| WHAT YOU ARE ASKED TO DO |
Retype the records exactly.
[[ DATA FOR THIS EXERCISE open ]]
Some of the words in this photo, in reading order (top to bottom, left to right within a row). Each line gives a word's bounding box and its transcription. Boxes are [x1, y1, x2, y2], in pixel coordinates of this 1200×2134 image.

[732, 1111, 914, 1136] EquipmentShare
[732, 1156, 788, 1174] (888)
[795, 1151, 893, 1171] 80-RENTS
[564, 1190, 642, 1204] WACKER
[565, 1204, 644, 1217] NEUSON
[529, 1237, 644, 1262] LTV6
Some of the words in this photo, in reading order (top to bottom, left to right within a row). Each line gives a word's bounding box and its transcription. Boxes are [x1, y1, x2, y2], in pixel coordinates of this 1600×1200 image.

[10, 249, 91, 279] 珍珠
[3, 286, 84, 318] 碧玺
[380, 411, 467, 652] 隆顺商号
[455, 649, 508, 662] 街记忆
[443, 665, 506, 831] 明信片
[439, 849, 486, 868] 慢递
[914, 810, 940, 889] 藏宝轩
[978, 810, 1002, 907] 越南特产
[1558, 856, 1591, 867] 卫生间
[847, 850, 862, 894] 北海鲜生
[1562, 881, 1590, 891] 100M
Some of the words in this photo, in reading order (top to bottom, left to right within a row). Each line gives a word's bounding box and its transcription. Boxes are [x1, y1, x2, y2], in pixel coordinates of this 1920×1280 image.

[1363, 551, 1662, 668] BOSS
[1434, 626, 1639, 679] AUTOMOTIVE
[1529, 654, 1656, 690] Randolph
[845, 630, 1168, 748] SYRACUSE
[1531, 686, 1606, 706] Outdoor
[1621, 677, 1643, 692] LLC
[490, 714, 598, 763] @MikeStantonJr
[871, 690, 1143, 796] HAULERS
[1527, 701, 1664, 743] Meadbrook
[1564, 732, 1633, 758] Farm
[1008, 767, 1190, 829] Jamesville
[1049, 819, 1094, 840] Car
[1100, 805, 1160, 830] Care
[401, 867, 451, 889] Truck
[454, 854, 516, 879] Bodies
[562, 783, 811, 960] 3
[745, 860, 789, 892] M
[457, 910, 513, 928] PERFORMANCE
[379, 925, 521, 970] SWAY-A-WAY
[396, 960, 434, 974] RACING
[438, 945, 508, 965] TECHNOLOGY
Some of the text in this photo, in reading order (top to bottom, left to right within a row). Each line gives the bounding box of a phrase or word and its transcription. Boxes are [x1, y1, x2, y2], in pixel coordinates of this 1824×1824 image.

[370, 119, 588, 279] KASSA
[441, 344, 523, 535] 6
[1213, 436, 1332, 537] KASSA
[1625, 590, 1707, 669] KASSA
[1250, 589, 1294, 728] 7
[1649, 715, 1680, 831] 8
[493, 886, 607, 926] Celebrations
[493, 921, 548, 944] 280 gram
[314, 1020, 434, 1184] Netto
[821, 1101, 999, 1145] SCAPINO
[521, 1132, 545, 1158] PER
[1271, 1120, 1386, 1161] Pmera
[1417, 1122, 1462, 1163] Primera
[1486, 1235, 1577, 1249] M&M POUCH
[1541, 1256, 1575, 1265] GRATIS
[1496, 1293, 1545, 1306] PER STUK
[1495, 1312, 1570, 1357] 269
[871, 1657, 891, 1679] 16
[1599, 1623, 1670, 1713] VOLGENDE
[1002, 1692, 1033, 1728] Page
[[ DATA FOR THIS EXERCISE closed ]]
| EXERCISE OUTPUT |
Some of the words in this photo, in reading order (top to bottom, left to right within a row). Each line gives a word's bounding box and its transcription. Boxes are [x1, y1, x2, y2], in pixel coordinates of this 1200×2134 image.

[732, 1111, 914, 1136] EquipmentShare
[732, 1156, 788, 1174] (888)
[795, 1151, 893, 1171] 80-RENTS
[564, 1190, 642, 1204] WACKER
[565, 1204, 644, 1217] NEUSON
[529, 1237, 644, 1262] LTV6
Some of the words in this photo, in reading order (top to bottom, left to right within a row). Each line gives a word's bounding box and its transcription. Boxes are [x1, y1, x2, y2], in pixel coordinates of this 1600×1200 image.

[10, 249, 91, 279] 珍珠
[3, 286, 84, 318] 碧玺
[380, 411, 467, 652] 隆顺商号
[455, 649, 508, 662] 街记忆
[443, 665, 506, 831] 明信片
[439, 849, 486, 868] 慢递
[914, 810, 940, 889] 藏宝轩
[978, 810, 1002, 907] 越南特产
[1558, 856, 1591, 867] 卫生间
[847, 850, 862, 894] 北海鲜生
[1562, 881, 1590, 891] 100M
Some of the words in this photo, in reading order (top to bottom, left to right within a row). Each line gives a word's bounding box and its transcription. Boxes are [x1, y1, x2, y2], in pixel coordinates of this 1920×1280 image.

[1363, 551, 1662, 668] BOSS
[1434, 626, 1639, 679] AUTOMOTIVE
[1529, 654, 1656, 690] Randolph
[845, 630, 1168, 748] SYRACUSE
[1531, 686, 1606, 706] Outdoor
[1621, 677, 1643, 692] LLC
[490, 714, 598, 763] @MikeStantonJr
[871, 690, 1143, 796] HAULERS
[1527, 701, 1664, 743] Meadbrook
[1564, 732, 1633, 758] Farm
[1008, 767, 1190, 829] Jamesville
[1049, 819, 1094, 840] Car
[1100, 805, 1160, 830] Care
[401, 867, 451, 889] Truck
[454, 854, 516, 879] Bodies
[562, 783, 811, 960] 3
[745, 860, 789, 892] M
[457, 910, 513, 928] PERFORMANCE
[379, 925, 521, 970] SWAY-A-WAY
[396, 960, 434, 974] RACING
[438, 945, 508, 965] TECHNOLOGY
Some of the text in this photo, in reading order (top to bottom, left to right within a row). Each line gives the bounding box of a phrase or word and its transcription. Boxes are [x1, y1, x2, y2], in pixel coordinates of this 1824×1824 image.

[370, 119, 588, 279] KASSA
[441, 344, 523, 535] 6
[1213, 436, 1332, 537] KASSA
[1625, 590, 1707, 669] KASSA
[1250, 589, 1294, 728] 7
[1649, 715, 1680, 831] 8
[493, 886, 607, 926] Celebrations
[493, 921, 548, 944] 280 gram
[314, 1020, 434, 1184] Netto
[821, 1101, 999, 1145] SCAPINO
[521, 1132, 545, 1158] PER
[1271, 1120, 1386, 1161] Pmera
[1417, 1122, 1462, 1163] Primera
[1486, 1235, 1577, 1249] M&M POUCH
[1541, 1256, 1575, 1265] GRATIS
[1496, 1293, 1545, 1306] PER STUK
[1495, 1312, 1570, 1357] 269
[871, 1657, 891, 1679] 16
[1599, 1623, 1670, 1713] VOLGENDE
[1002, 1692, 1033, 1728] Page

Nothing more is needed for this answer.